I have not seen a lot of official guidance from Microsoft on the number of Resource Groups (RGs) in a deployment. Should I put all my resources in one large group? Or use multiple RGs, and what criteria do you use to segment them? Here are some thoughts on granularity and Resource Groups.
- Putting all resources in a large group is akin to writing one large monolithic main program with no functions – it is not good modular design and changes later can be an issue. T
- Tagging of tiers for monitoring, billing status, and management. You can tag all resources in one RG (vs each individual resource). If all on one big RG, you can’t differentiate between tiers.
- Being able to update all the resources in a RG as one or separately. Only resources that life cycle together should be in the same RG. A resource group is a unit of provisioning resources as a unit in one action (Application Lifecycle Management – ALM). You can update and delete them as a unit.

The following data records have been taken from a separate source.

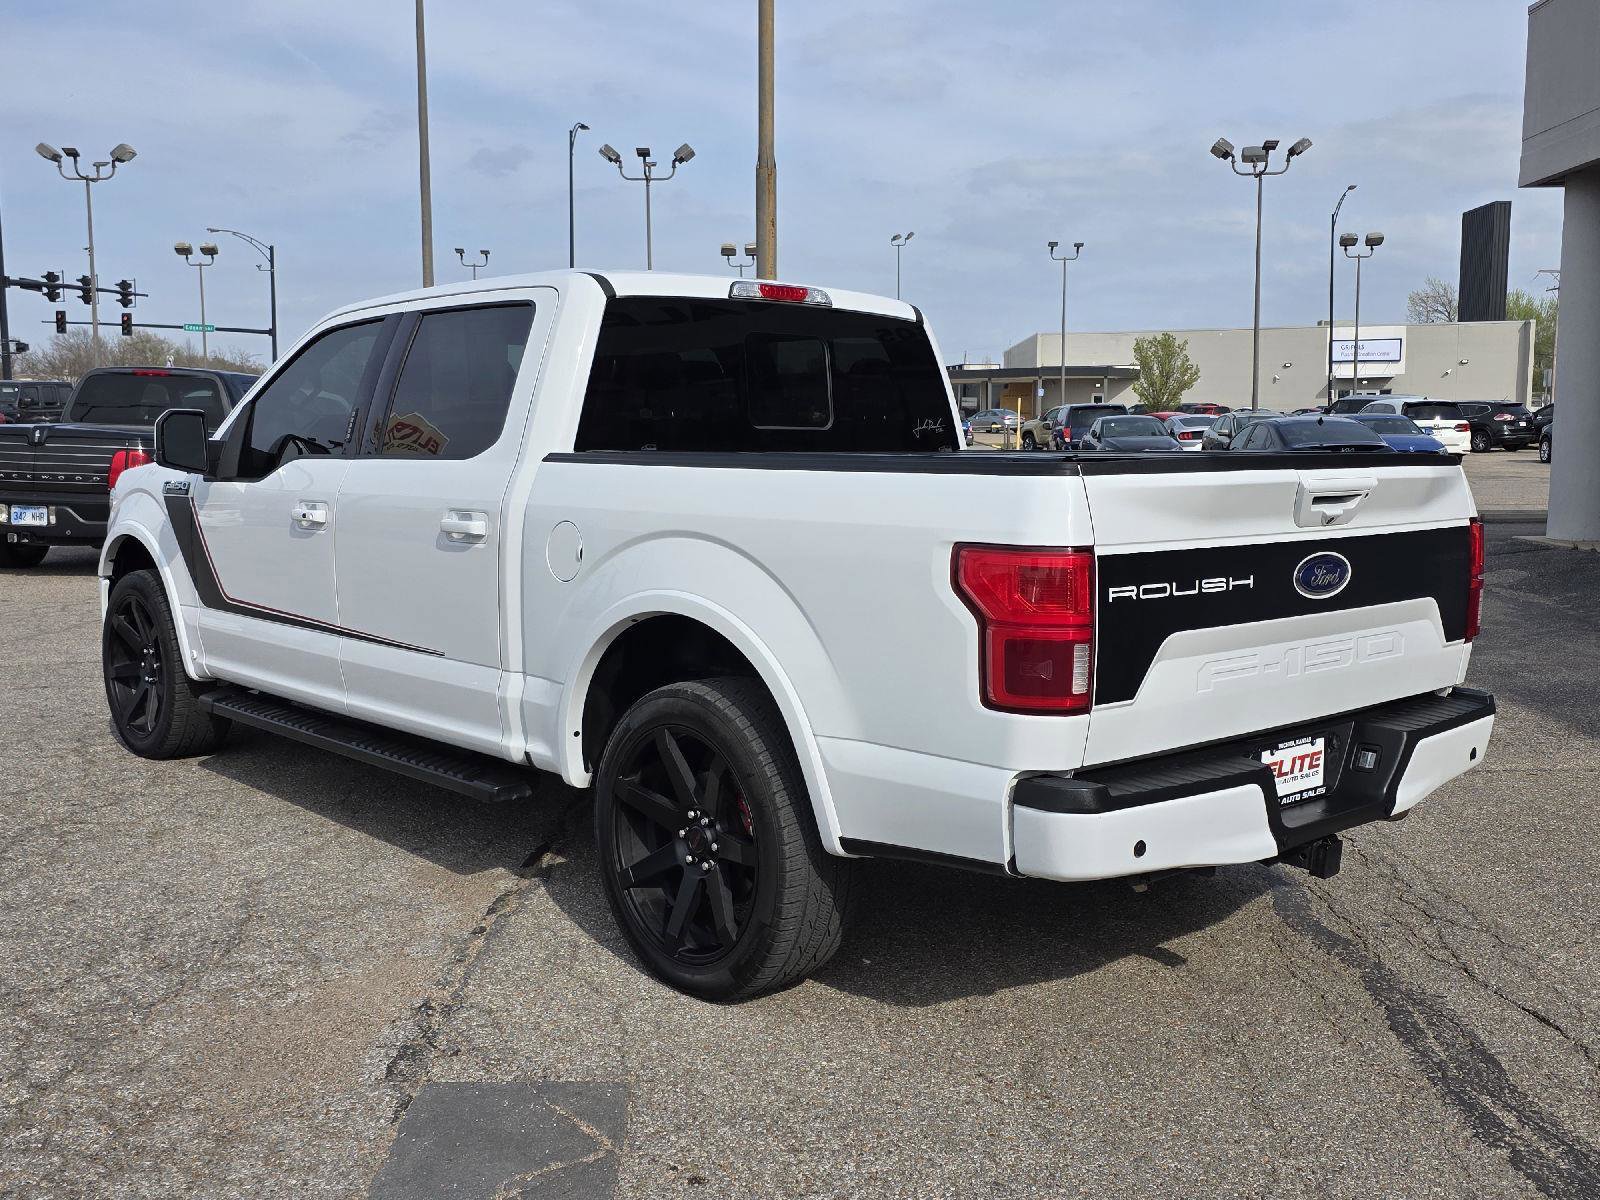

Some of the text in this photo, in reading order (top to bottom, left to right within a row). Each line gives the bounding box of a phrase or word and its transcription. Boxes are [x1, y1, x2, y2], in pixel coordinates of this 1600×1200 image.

[13, 511, 27, 521] 342
[1108, 575, 1254, 603] ROUSH
[1196, 630, 1406, 695] F-150
[1267, 749, 1323, 778] ELITE
[1281, 769, 1320, 785] AUTO SALES
[1280, 786, 1327, 805] AUTO SALES

- You can restrict access to RGs using RBAC at a more granular level. This requires more analysis in this architecture but is a administrative positive in multi-tier environments. If everything is in one RG you love this capability. For production applications, you can control the users that may access those resources. Or for the core infrastructure resources you can limit only infrastructure folks to work with them.
- With different RGs, you can define different admin access permissions for each tier. Owner, Reader, Contributor. Some admins may be owner on one tier, but contributor on other tiers. Not a good security idea to let everyone in the door at the party and let them roam freely in the house into different rooms that they may not have a true business need to administer. Its why we have different roles/permissions in SQL Server for admins.
- Compartmentalizing templates/RGs helps division of responsibility to enhance security. Each template for each tier can be under different RBAC roles for full separation of duties. Using one large RG you lose the granular security for different tiers of your solution.
- Centralized RGs that contain core components (storage, VNETs/subnets, etc.) are an option with >1 RG. As you scale out, creating centralized Resource Groups for your virtual networking and subnets makes it easier to build cross-premises network connections for hybrid connectivity options. When combined with RBAC, you can protect these common groups to only be administered by the correct admin.